Alejandro González Iñárritu made history this past weekend by becoming the first filmmaker to win the DGA Award for Best Director two years in a row, for his work in The Revenant. Last year Iñárritu became only the second Hispanic filmmaker to win the coveted Best Director Oscar for his work in Birdman or (The Unexpected Virtue of Ignorance), a year after Alfonso Cuarón became the first ever Hispanic Best Director Academy Award winner (for Gravity). I mention these significant cinephile facts because Iñárritu sometimes gets bombarded by certain hater-film-critics who are quick to harp on the calamity found in most of his films and not celebrate how special and nakedly emotional this filmmaker is. Yes, Iñárritu tells stories of fur-trappers who fight bears in the wilderness or sickly men who accidentally poison a room of immigrant sweatshop workers whilst juggling a plethora of other scandals. But these silver screen narratives have all been Oscar nominees and for the most part, critically celebrated and revered.

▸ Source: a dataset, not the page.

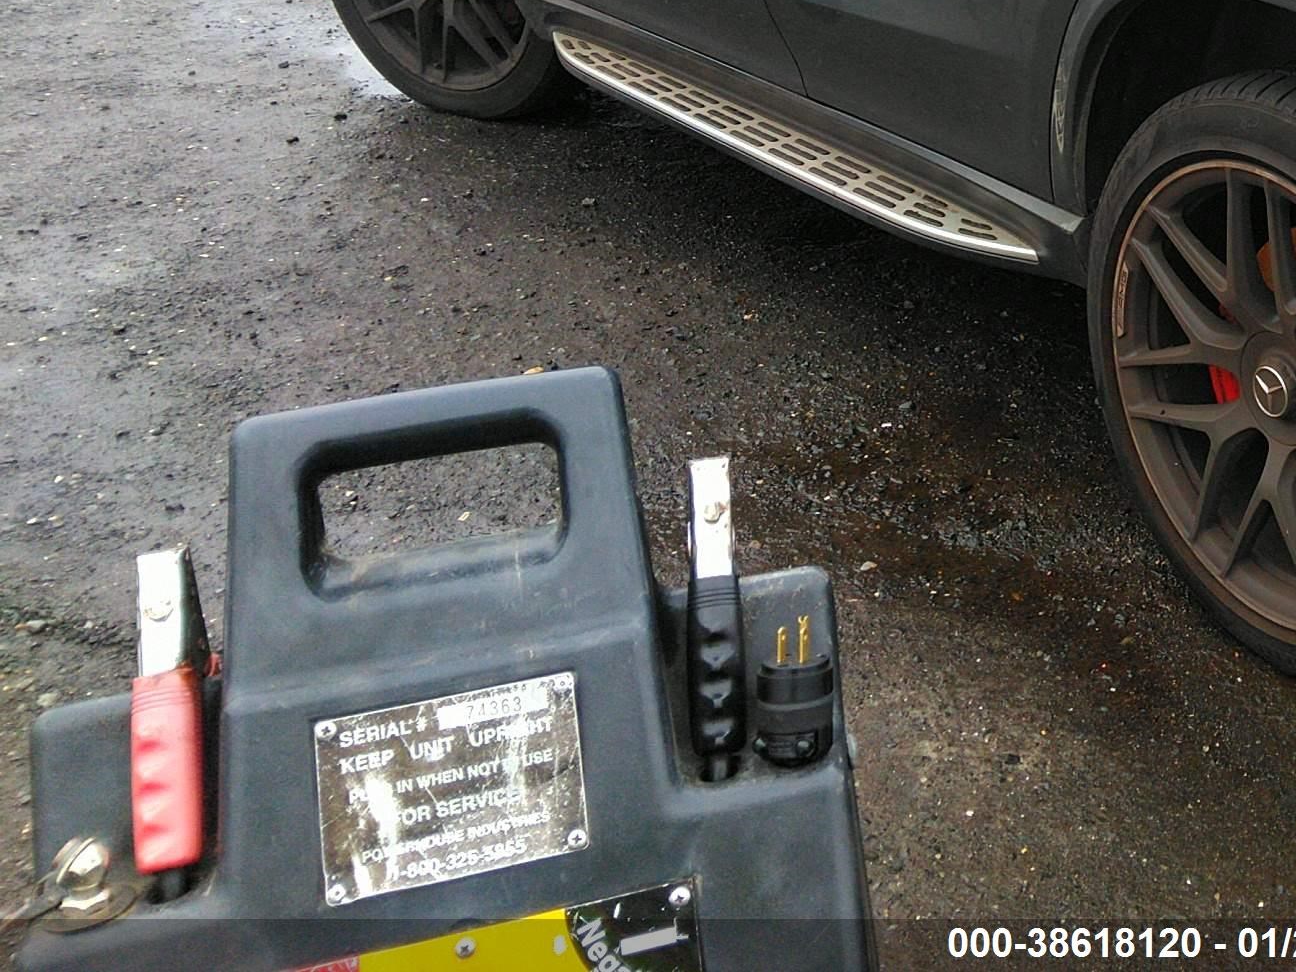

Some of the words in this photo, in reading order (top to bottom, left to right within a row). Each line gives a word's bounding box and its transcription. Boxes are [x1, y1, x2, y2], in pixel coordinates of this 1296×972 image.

The reason--or at least a good reason for this can be found in the delicacy and tenderness Iñárritu lends with filming the eyes of his actors. Whereas filmmakers like Spike Lee and Jonathan Demme trail-blazed such stylistic devices as actors breaking the fourth wall to look directly at the audience, Iñárritu takes his time to build up those infrequent direct gazes at the screen; a big strategy of his is how explicit he is with his cinematic influences. His films Biutiful and The Revenant take certain cues from Andrei Tarkovsky and Terrence Malick, lending a poetic and impressionistic visual prose amidst the overly busy plots--mainly of the former film. His earlier work with Amores Perros and Babel cut back and forth between multiple story lines, much in the spirit of the independent Mexican cinema of that time, but those films too were always grounded in the pathos of the eyes of his characters. Iñárritu definitely sees life as a beautiful chaos--at least in the films he makes--and yet the bravery he emotes comes in still trying to find the tenderness, that special, fleeting, grandeur yearning for human connection and purpose in the midst of tragedy.

And the eyes have it.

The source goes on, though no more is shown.